- _Requirement_
Please write the following entries out once more, exactly.

- _Spatial localization data_

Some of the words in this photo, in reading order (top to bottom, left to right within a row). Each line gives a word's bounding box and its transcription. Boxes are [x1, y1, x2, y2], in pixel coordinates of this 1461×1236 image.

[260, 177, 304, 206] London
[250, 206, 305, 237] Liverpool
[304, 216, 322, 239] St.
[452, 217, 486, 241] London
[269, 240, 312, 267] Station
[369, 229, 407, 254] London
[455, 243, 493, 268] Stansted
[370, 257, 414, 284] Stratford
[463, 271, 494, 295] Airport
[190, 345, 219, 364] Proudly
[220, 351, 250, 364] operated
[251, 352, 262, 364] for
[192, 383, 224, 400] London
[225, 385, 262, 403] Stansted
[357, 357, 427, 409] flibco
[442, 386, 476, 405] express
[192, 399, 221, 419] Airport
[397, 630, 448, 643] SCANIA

- _Answer section_
Some of the words in this photo, in reading order (top to bottom, left to right within a row). Each line gives a word's bounding box and its transcription. Boxes are [x1, y1, x2, y2], in pixel coordinates of this 1461×1236 image.

[260, 177, 304, 206] London
[250, 206, 305, 237] Liverpool
[304, 216, 322, 239] St.
[452, 217, 486, 241] London
[269, 240, 312, 267] Station
[369, 229, 407, 254] London
[455, 243, 493, 268] Stansted
[370, 257, 414, 284] Stratford
[463, 271, 494, 295] Airport
[190, 345, 219, 364] Proudly
[220, 351, 250, 364] operated
[251, 352, 262, 364] for
[192, 383, 224, 400] London
[225, 385, 262, 403] Stansted
[357, 357, 427, 409] flibco
[442, 386, 476, 405] express
[192, 399, 221, 419] Airport
[397, 630, 448, 643] SCANIA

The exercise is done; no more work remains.